Margaret Withgott and Francine Chen, authors of Computational Models of American Speech, present these problems (and others) and propose what they consider to be workable solutions. As its title suggests, this book is scholarly in tone and presentation. Still, Withgott (who's a researcher at Interval Research Corporation) and Chen (who holds a similar position at Xerox PARC) have written a monograph that's interesting and readable for anyone dabbling in speech recognition theory--and required reading for anyone doing serious work in the field.
Withgott and Chen correctly point out that much of the speech recognition work done by programmers to date has relied on small collections of data drawn from their own limited knowledge of, and experience with, language. Speech-recognition specialists, on the other hand, historically have manipulated large amounts of data for training systems without worrying about the pronunciation details in the data. Withgott and Chen attempt to close this gap by examining and developing "probabilistic and rule-based computational models of transcription data using conditioning factors drawn from theory," claiming that their work represents "one of the first attempts to bring together theoretical concerns with an analysis of a large American English database." Their ultimate goal is to create a computational system that handles "the kind of variant pronunciations one observes in large collections of transcribed American speech."
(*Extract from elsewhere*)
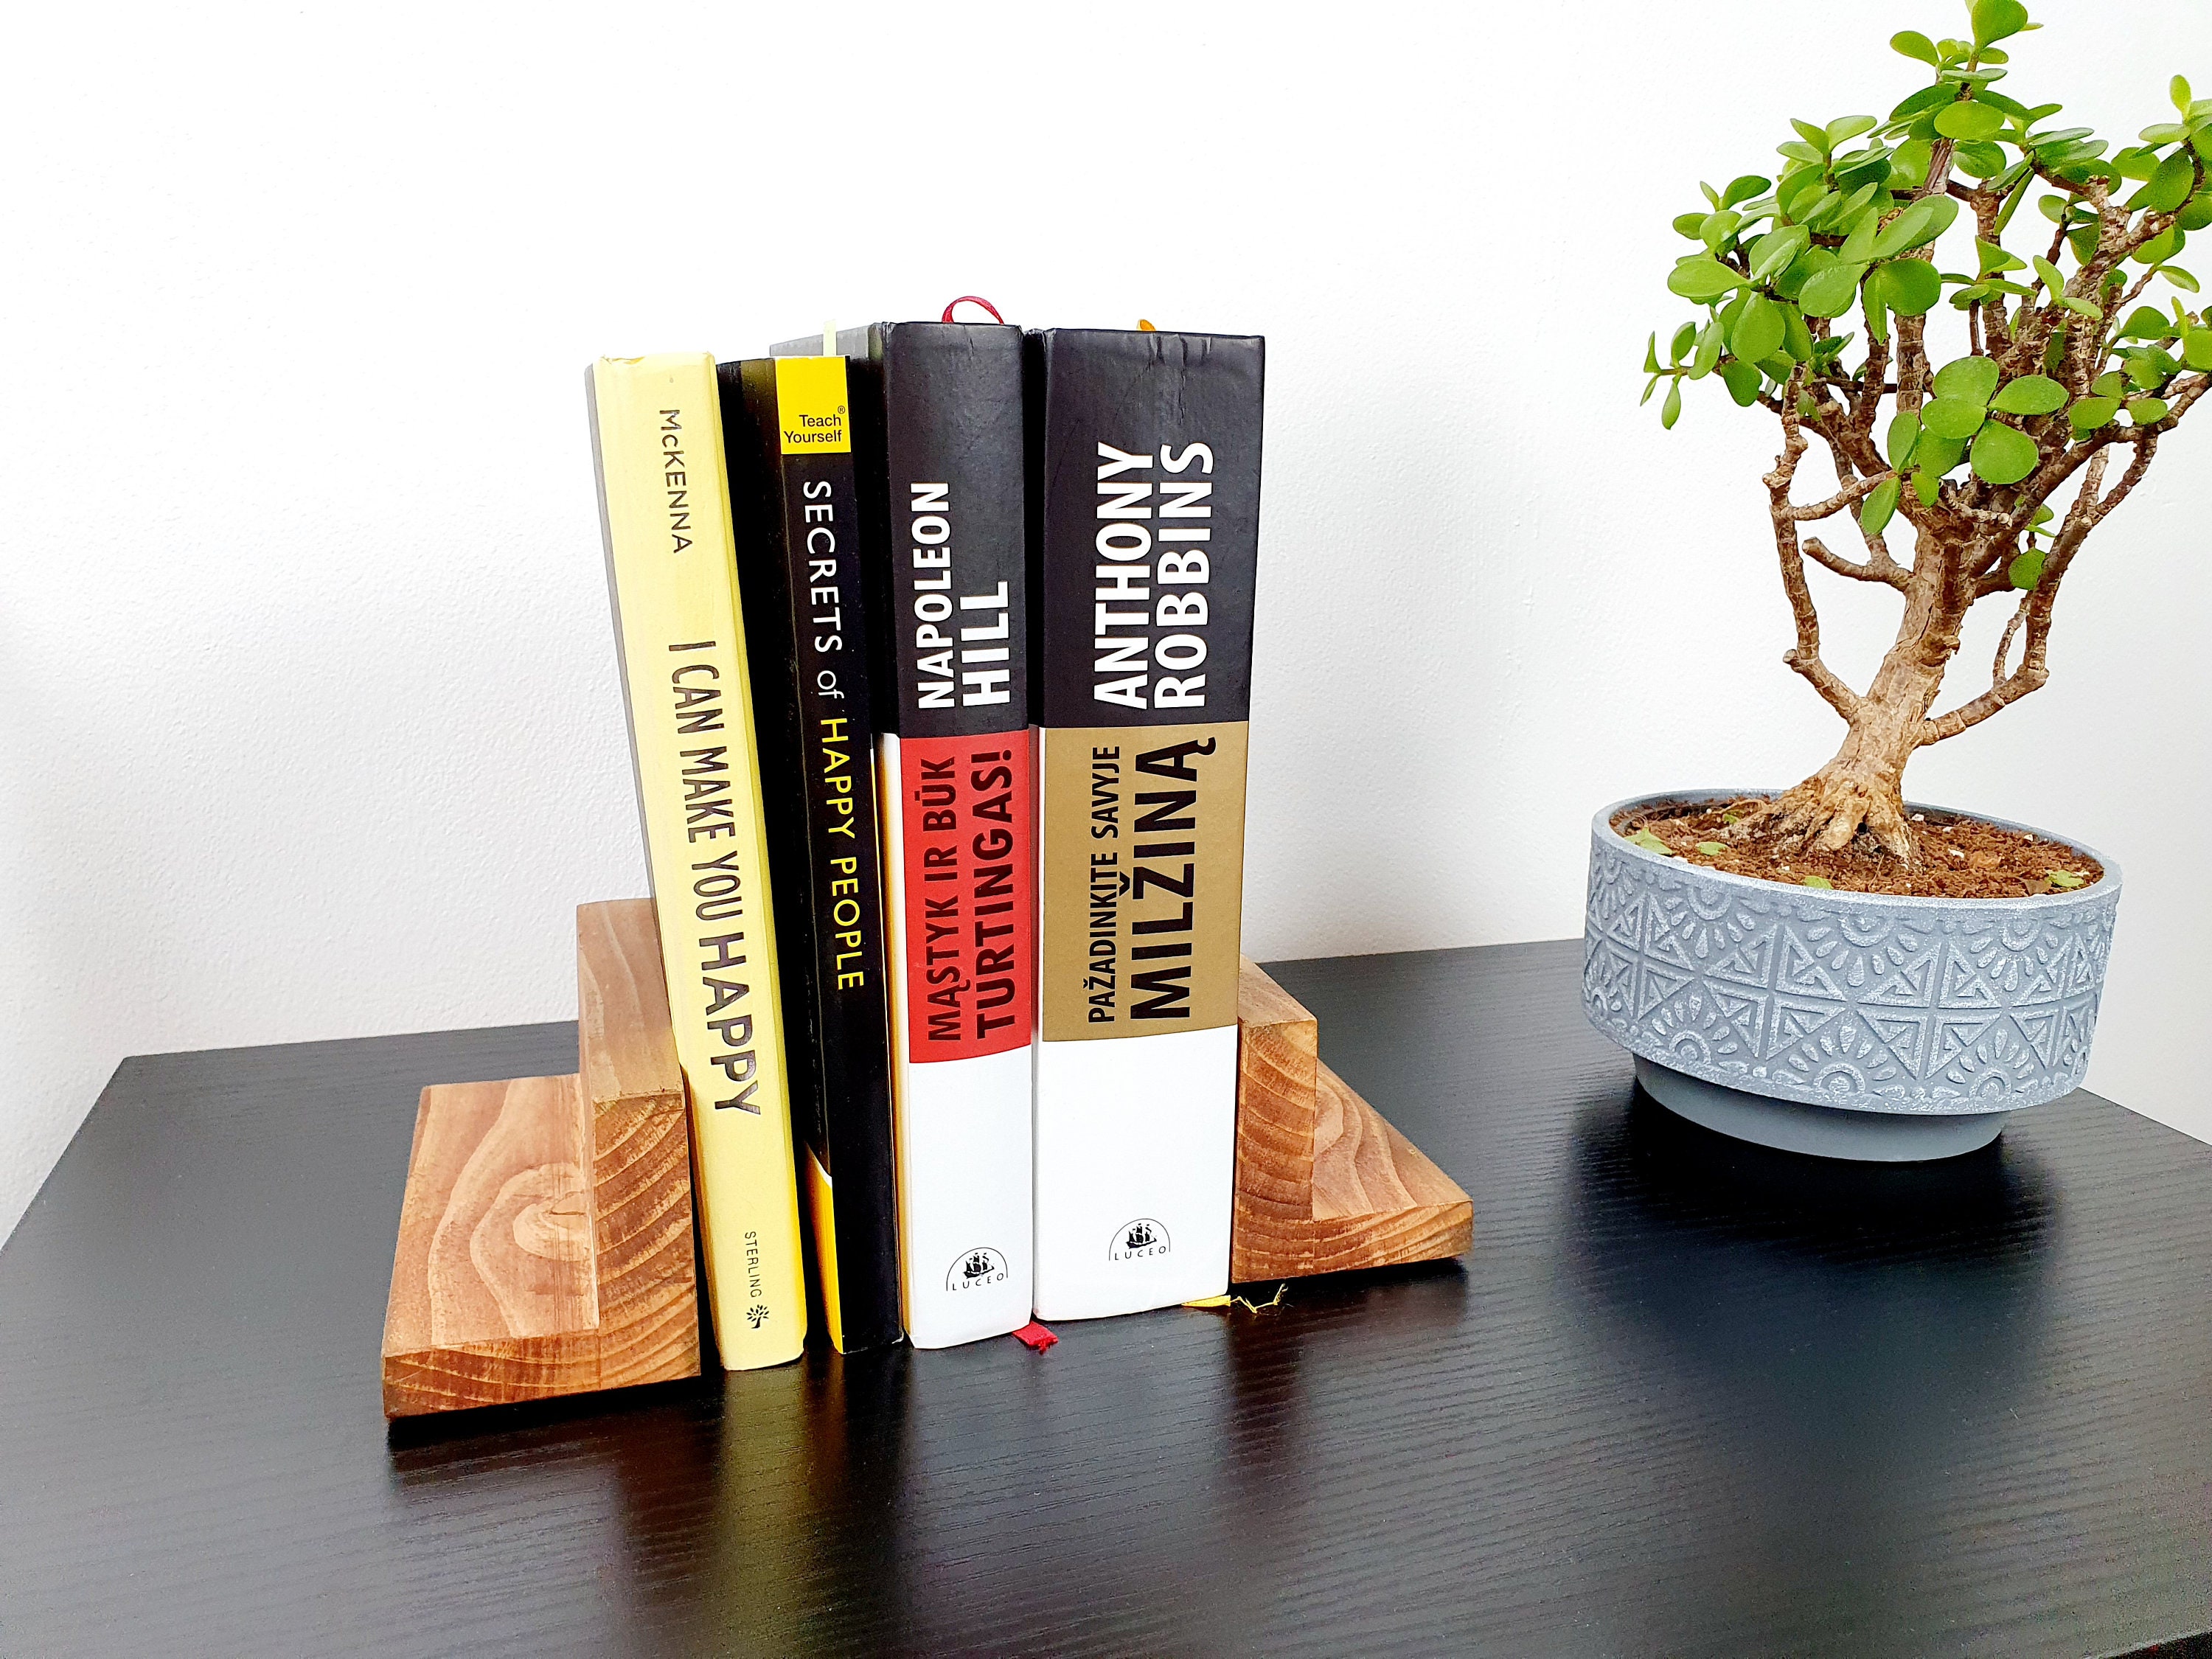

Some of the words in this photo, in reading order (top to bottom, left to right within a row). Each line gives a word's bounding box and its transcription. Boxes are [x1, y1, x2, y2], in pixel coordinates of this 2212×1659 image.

After (predictably) presenting a brief historical background on approaches to speech recognition (ranging from the mid-'70s Dragon system, to the more recent Carnegie-Mellon Sphinx system), it's this speech database the authors zero in on. Although unfamiliar to me, the speech database "TIMIT," jointly developed in the mid '80s by Texas Instruments and the Massachusetts Institute of Technology, is central to much of today's speech-recognition research. This database, available from the National Institute of Standards and Technology on CD-ROM, contains 6300 sentences produced by 630 speakers recorded by TI and transcribed by MIT. (When Withgott and Chen wrote their book, the CD-ROM only contained 4300 utterances; it's since been updated. For more information on TIMIT, see the accompanying textbox entitled "The TIMIT Speech Database.") Although the authors fault TIMIT because the speakers read sentences instead of spontaneously speaking, they don't question its value for speech-recognition exploration. In addition to providing speech, the database provides visual spectral representations of the utterances so that you can watch patterns on the computer screen.
Withgott and Chen spend a fair amount of time examining spoken language data structures (phonetic structures, probabilistic pronunciation networks, and the like) and rules (context descriptors) for predicting possible pronunciations. In doing so, they describe how they apply these rules to TIMIT data primarily using a rule interpreter (implemented by Steven Bagley).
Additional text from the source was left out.